After more than a decade of explosive growth, China’s Singles’ Day, the world’s biggest online shopping fest, is losing its gloss and bracing for more modest growth in coming years, hurt by a slower economy and tighter regulatory scrutiny.
E-commerce giant Alibaba Group Holding Ltd (阿里巴巴) yesterday said that its sales — or gross merchandise value (GMV) — during the 11-day event grew just 8.5 percent, the slowest rate ever, underscoring the headwinds for China’s tech firms.
GMV had grown by at least double digits every year since Alibaba founded the festival in 2009 and built it into a global online shopping fest, dwarfing Cyber Monday in the US.
Photo: EPA-EFE
Last year, it extended the one-day event to 11.
However the state-backed Securities Daily newspaper criticized the focus on high turnover from sales for being unsustainable, chaotic and incompatible with China’s new development path.
“The ‘worship of turnover’ is not only unsustainable in terms of digital growth, but is also inextricably linked to chaos,” the newspaper said.
Analysts said that the weak performance also reflected how Chinese consumers have increasingly become weary and wary of the day’s promotions and the quality of service.
Shoppers have also become more cautious about spending due to new COVID-19 outbreaks and supply disruptions that have affected sales and contributed to China’s economy lackluster performance as the country posted its slowest growth in a year last quarter.
“The magic of Double 11 is fading,” said Sharry Wu, Greater China consulting business transformation leader at consulting firm Ernst & Young Global Ltd, referring to the event’s original date. “Brands have to understand after years of practice, Singles’ Day is not their guaranteed sales booster.”
The event has historically been headlined by eye-catching bargains and livestreaming promotions. It is also a big sales boost for companies such as Apple Inc and L’Oreal SA, which each posted sales of more than 100 million yuan (US$15.7 million) over the 11-day event this year.

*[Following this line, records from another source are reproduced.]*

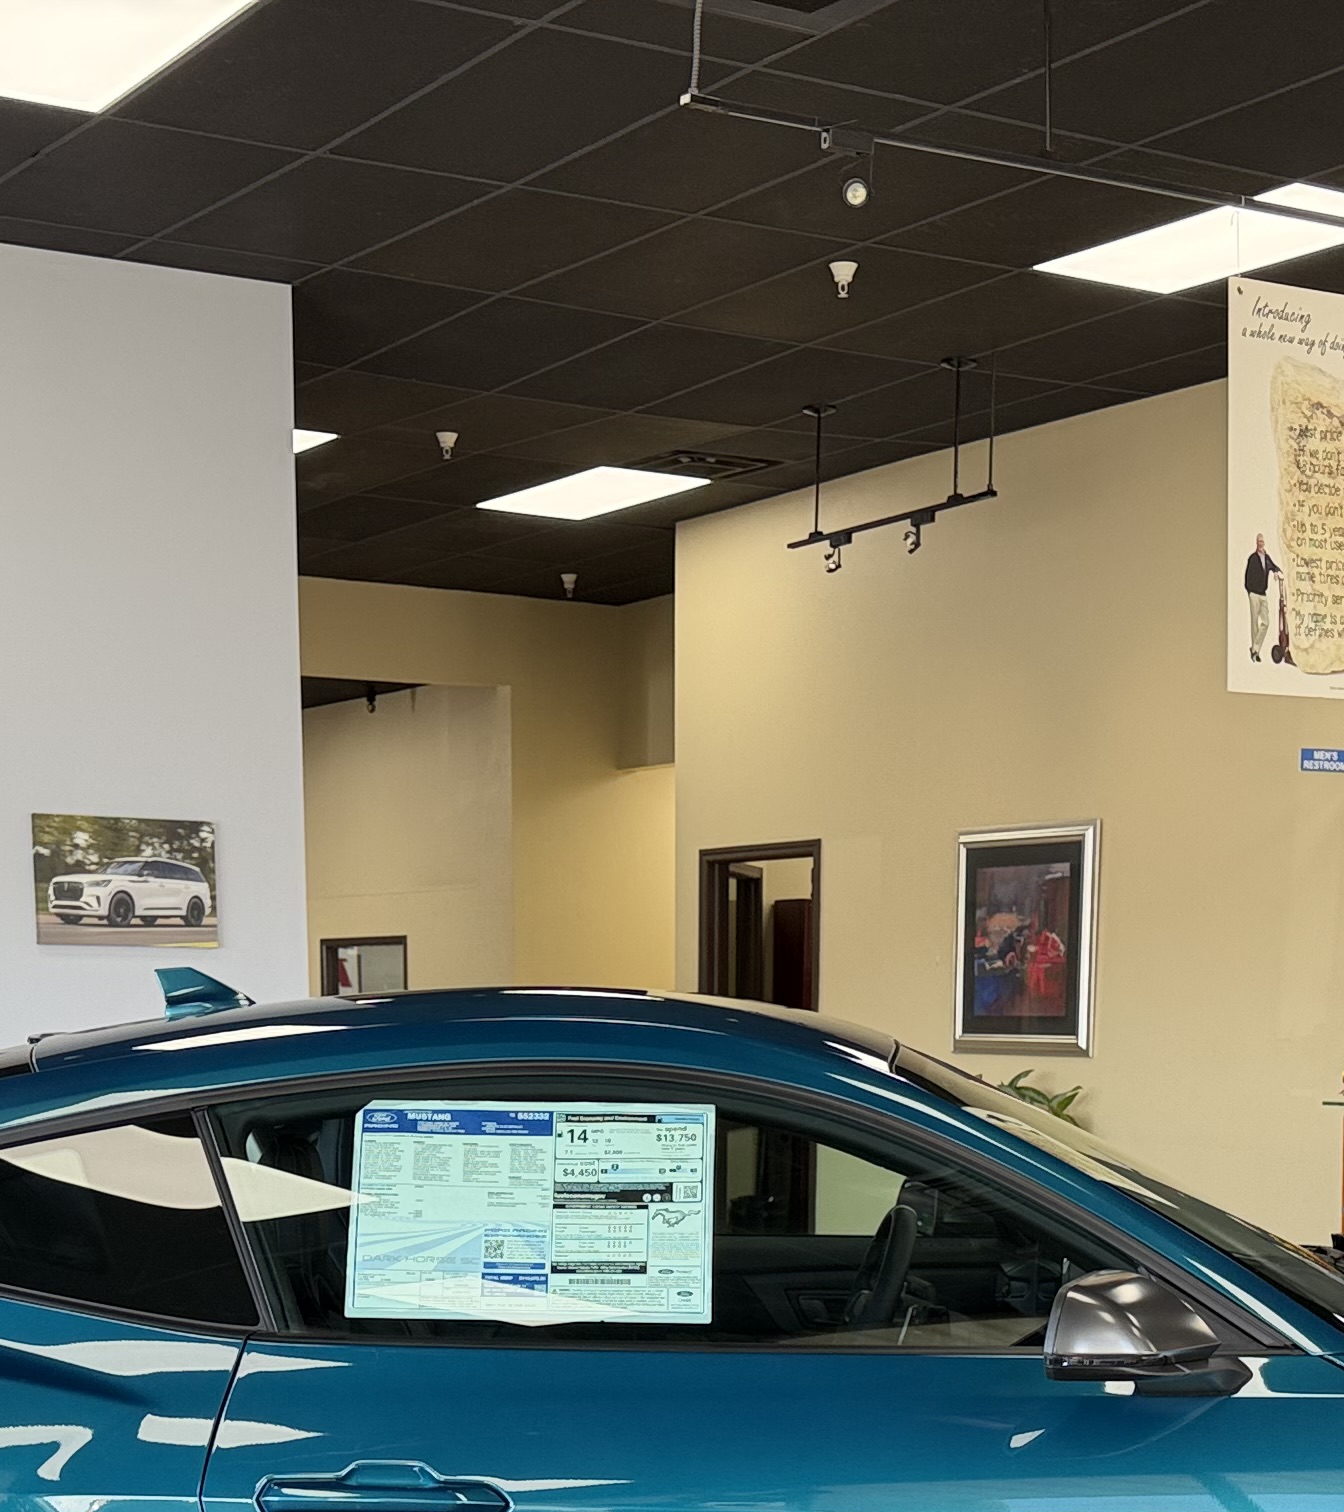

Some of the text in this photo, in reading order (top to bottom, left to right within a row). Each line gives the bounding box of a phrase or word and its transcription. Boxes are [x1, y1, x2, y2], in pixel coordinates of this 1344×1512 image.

[1252, 295, 1312, 333] Introducing
[1241, 327, 1248, 338] a
[1249, 322, 1276, 341] whole
[1277, 333, 1296, 344] new
[1297, 337, 1316, 355] way
[1317, 332, 1330, 356] of
[1307, 503, 1323, 518] you
[1296, 519, 1307, 535] Up
[1309, 521, 1319, 535] to
[1320, 522, 1327, 536] 5
[1296, 536, 1307, 548] on
[1308, 537, 1328, 550] most
[1296, 553, 1323, 570] Lowest
[1296, 588, 1329, 608] Priority
[1313, 750, 1339, 761] MEN'S
[406, 1112, 452, 1121] MUSTANG
[566, 1128, 589, 1144] 14
[656, 1133, 697, 1143] $13,750
[562, 1168, 598, 1178] $4,450
[362, 1254, 481, 1266] DARK HORSE SC

Alibaba’s dominance of the e-commerce market is also being chipped away at by rivals such as JD.com Inc (京東) and Pinduoduo Inc (拼多多), which have aggressively competed for new shoppers in China’s lower-tier cities.
JD.com, which holds its own 11-day Singles’ Day shopping event, recorded 349.1 billion yuan in sales, up 28.6 percent from the previous year.

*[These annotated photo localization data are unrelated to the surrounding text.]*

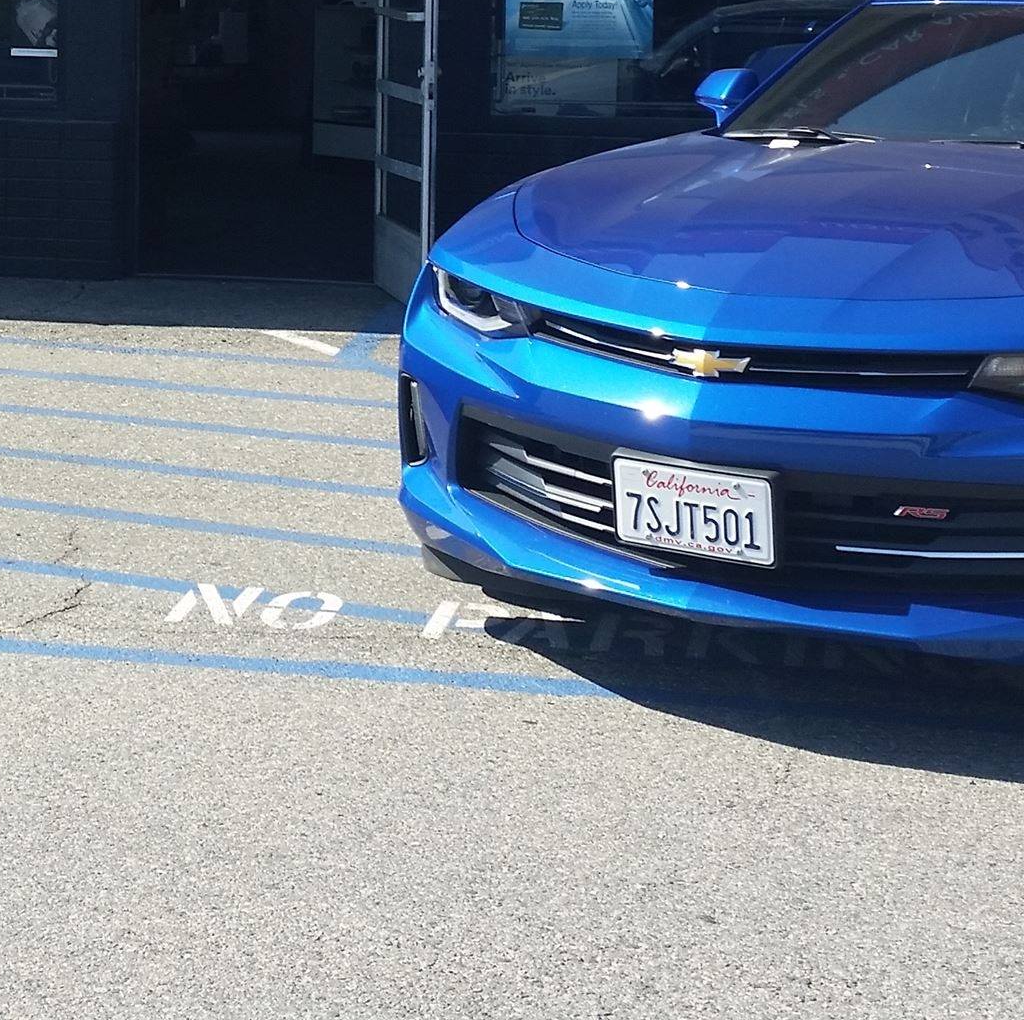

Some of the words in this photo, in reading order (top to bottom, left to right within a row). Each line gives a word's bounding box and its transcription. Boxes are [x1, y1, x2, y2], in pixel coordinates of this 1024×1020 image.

[571, 0, 593, 10] Apply
[645, 470, 740, 500] California
[626, 491, 761, 551] 7SJT501
[656, 534, 734, 556] dmv.ca.gov
[164, 582, 344, 631] NO
[422, 599, 906, 670] PARKIN

Over the past year, regulators have accused Alibaba and its e-commerce rivals of treating their customers poorly by spamming them with promotions, unfairly restricting their choices and allowing merchants to fake discounts, punishing them with fines in some cases.
Under such a specter of regulatory scrutiny, Alibaba toned down the marketing hype this year, doing away with a rolling tally tracking transactions that had taken center stage in previous years and saying that it was focused on sustainability.
Still, Alibaba said a record 290,000 brands and 900 million consumers participated this year, and 78 businesses saw GMV grow more than 10-fold compared with last year to more than 100 million yuan.